El rastreo de las declaraciones de Mas que ha realizado el Gobierno y que recoge el Consejo de Estado es exhaustivo con el fin de demostrar las intenciones de los convocantes. “Como el Tribunal Constitucional todavía no ha levantado la suspensión del decreto de convocatoria de la consulta que el presidente firmó el pasado 30 de septiembre, Mas ha explicado que no se hará de acuerdo con este decreto, sino que “la Generalitat se acogerá a marcos legales preexistentes” que les dan “competencia en materia de participación ciudadana”, según resaltan los consejeros para cargarse de razones. “Como estos marcos existen y están plenamente vigentes, nosotros, bajo este concepto, somos competentes para hacer estos procesos y convocaremos a la gente el 9 de noviembre”, dijo el presidente Mas en alguna ocasión.
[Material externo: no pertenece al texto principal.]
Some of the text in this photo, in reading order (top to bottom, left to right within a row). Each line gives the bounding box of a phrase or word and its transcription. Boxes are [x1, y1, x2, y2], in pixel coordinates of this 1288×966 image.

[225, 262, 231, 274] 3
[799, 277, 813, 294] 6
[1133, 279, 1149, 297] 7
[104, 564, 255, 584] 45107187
Toda la logística anunciada por el Gobierno catalán —el Consejo de Estado solo se refiere a declaraciones del presidente por ser la autoridad del Estado— desemboca para el órgano consultivo en los supuestos de inconstitucionalidad que aprecia el Ejecutivo y los consejeros también. Se citan varios “vicios competenciales” como el de participación política reconocido en el artículo 23.1 de la Constitución.
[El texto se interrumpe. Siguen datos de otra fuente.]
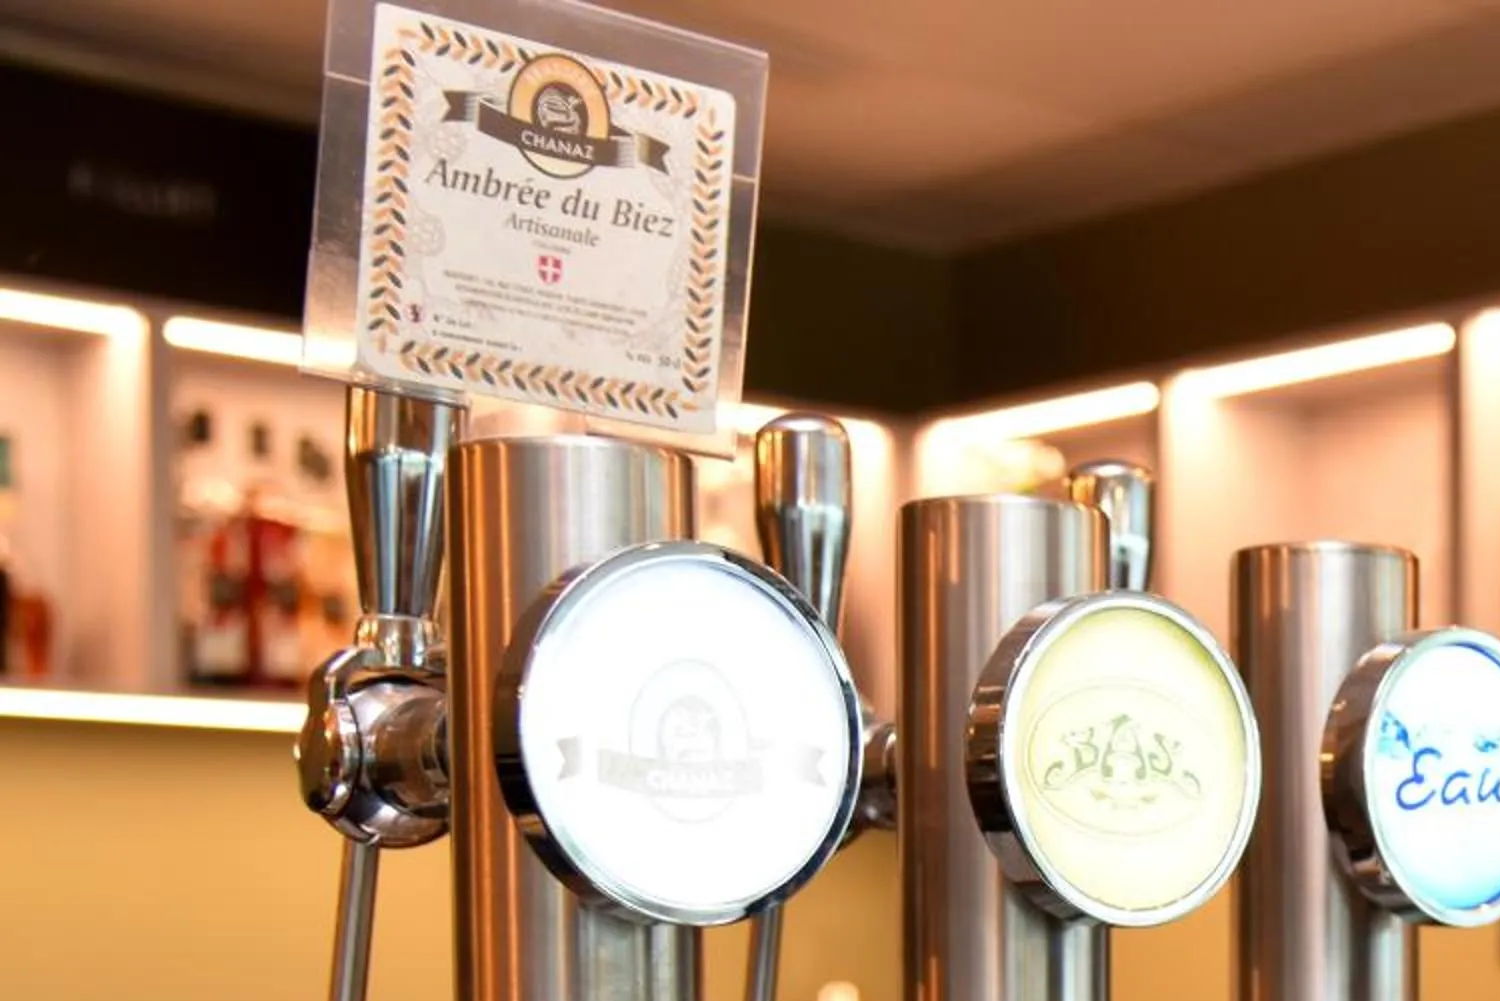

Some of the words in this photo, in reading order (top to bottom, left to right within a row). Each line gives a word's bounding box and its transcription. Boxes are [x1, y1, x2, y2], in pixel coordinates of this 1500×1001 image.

[520, 129, 596, 161] CHANAZ
[424, 157, 552, 211] Ambrée
[561, 184, 601, 222] du
[611, 198, 676, 240] Biez
[504, 211, 601, 249] Artisanale
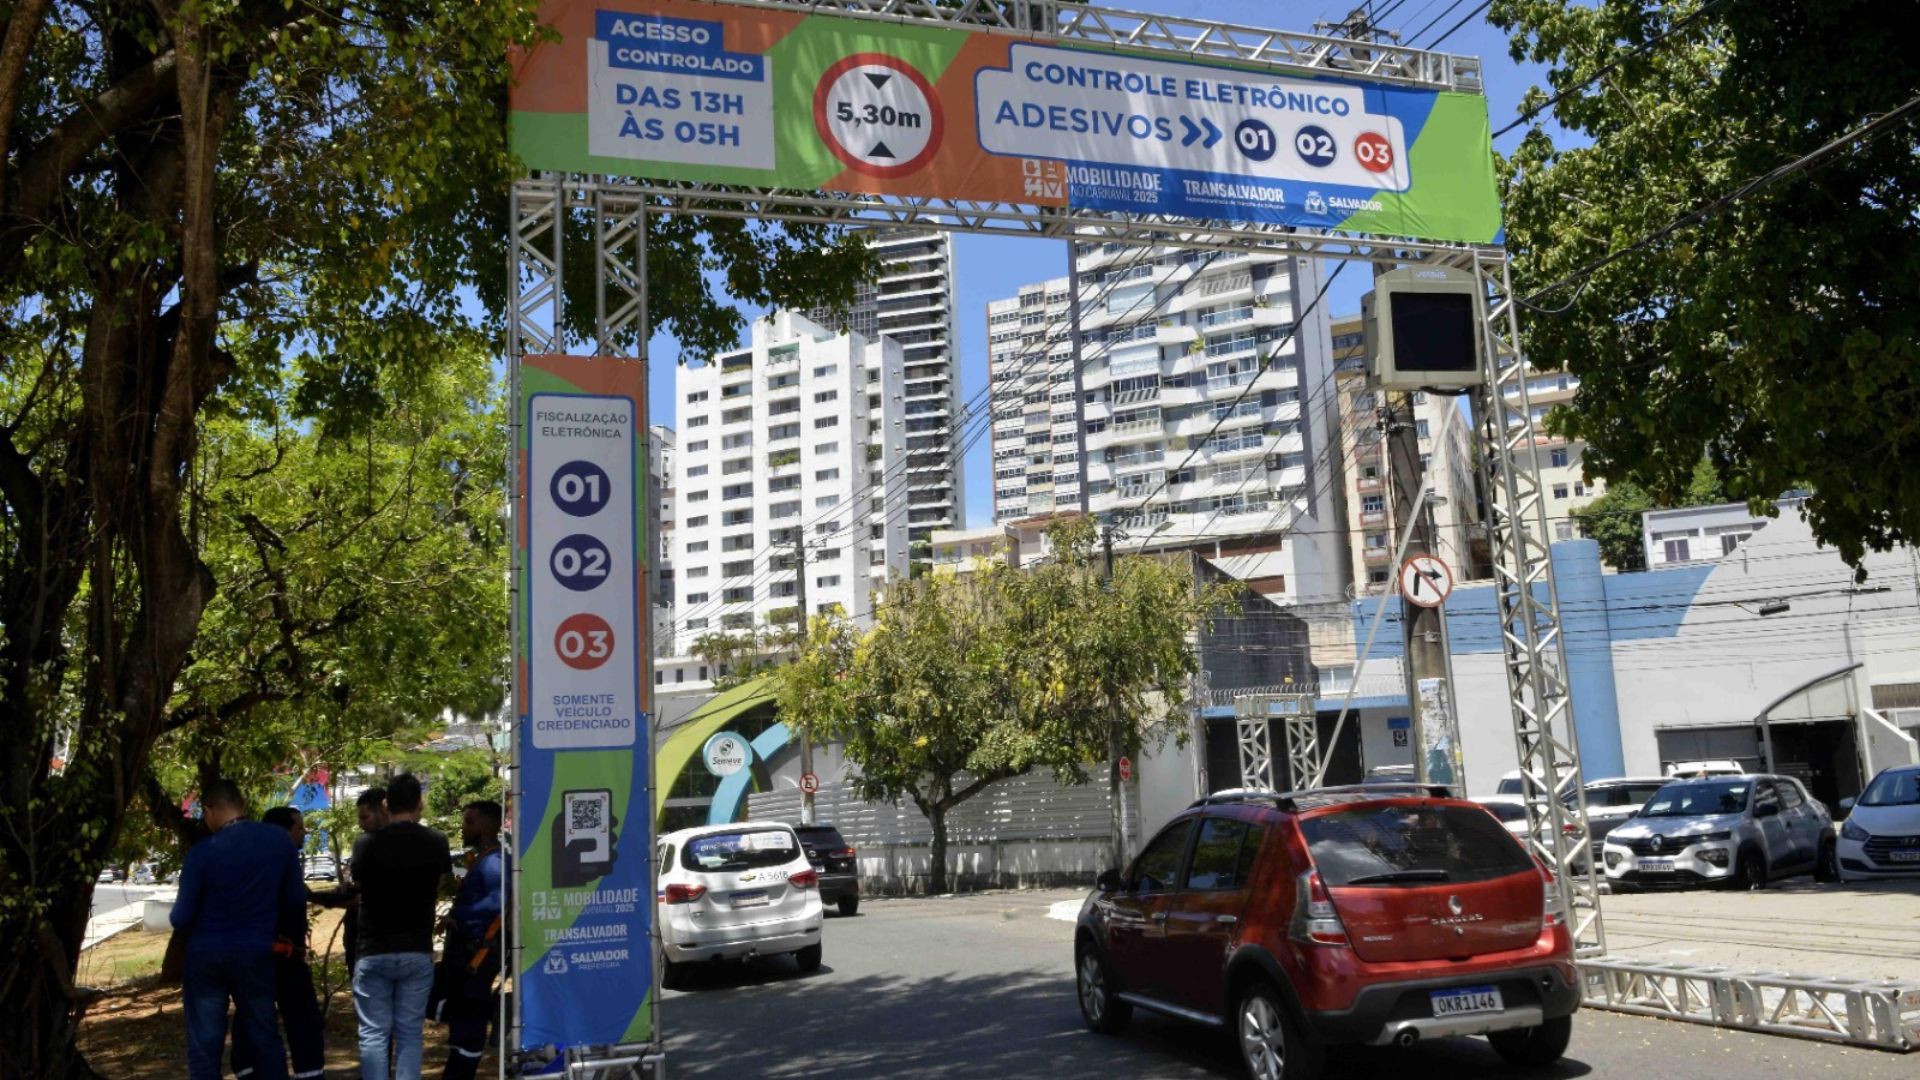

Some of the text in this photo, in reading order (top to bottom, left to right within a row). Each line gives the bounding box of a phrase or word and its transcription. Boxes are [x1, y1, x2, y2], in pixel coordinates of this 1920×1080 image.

[611, 19, 710, 44] ACESSO
[616, 47, 754, 74] CONTROLADO
[616, 83, 744, 116] DAS 13H
[1025, 61, 1350, 117] CONTROLE ELETRÔNICO
[836, 102, 921, 128] 5,30m
[995, 101, 1173, 142] ADESIVOS
[618, 111, 740, 147] ÀS 05H
[1239, 127, 1270, 151] 01
[1297, 134, 1334, 158] 02
[1356, 140, 1391, 164] 03
[1065, 165, 1162, 191] MOBILIDADE
[1085, 186, 1133, 201] CARNAVAL
[1133, 190, 1159, 203] 2025
[1183, 180, 1285, 203] TRANSALVADOR
[1329, 197, 1383, 212] SALVADOR
[536, 411, 628, 425] FISCALIZAÇÃO
[542, 426, 621, 438] ELETRÔNICA
[557, 474, 600, 503] 01
[554, 548, 606, 577] 02
[559, 630, 608, 658] 03
[553, 694, 615, 705] SOMENTE
[556, 705, 611, 717] VEÍCULO
[537, 719, 630, 731] CREDENCIADO
[563, 888, 639, 906] MOBILIDADE
[616, 903, 635, 913] 2025
[544, 924, 628, 941] TRANSALVADOR
[571, 949, 629, 964] SALVADOR
[1438, 993, 1496, 1013] OKR1146
El conflicto de competencias entre administraciones es el principal argumento del Gobierno

En segundo término, se reputan los artículos constitucionales que atribuyen la convocatoria de cualquier referéndum consultivo sobre “decisiones politicas de especial trascendencia” al Rey, mediante propuesta del presidente del Gobierno, previamente autorizada por el Congreso de los Diputados. Además, se considera infringido el artículo 149.1.32a de la Constitución, que contempla la competencia del Estado para la autorización de consultas populares por vía de referéndum. En este informe, como en el anterior, se señala que “en lo tocante a la unidad de la nación española, está reservada a la decisión del conjunto del pueblo español en el seno del procedimiento de reforma constitucional”.

Se enumera un catálogo de “vicios materiales” como llamar al voto a los mayores de 16 años, y a los extranjeros. Además, no hay censo electoral, que reside en la Administración General del Estado. El Gobierno aprobará hoy impugnar la consulta del 9-N ante el Tribunal Constitucional, que la estudiará el martes.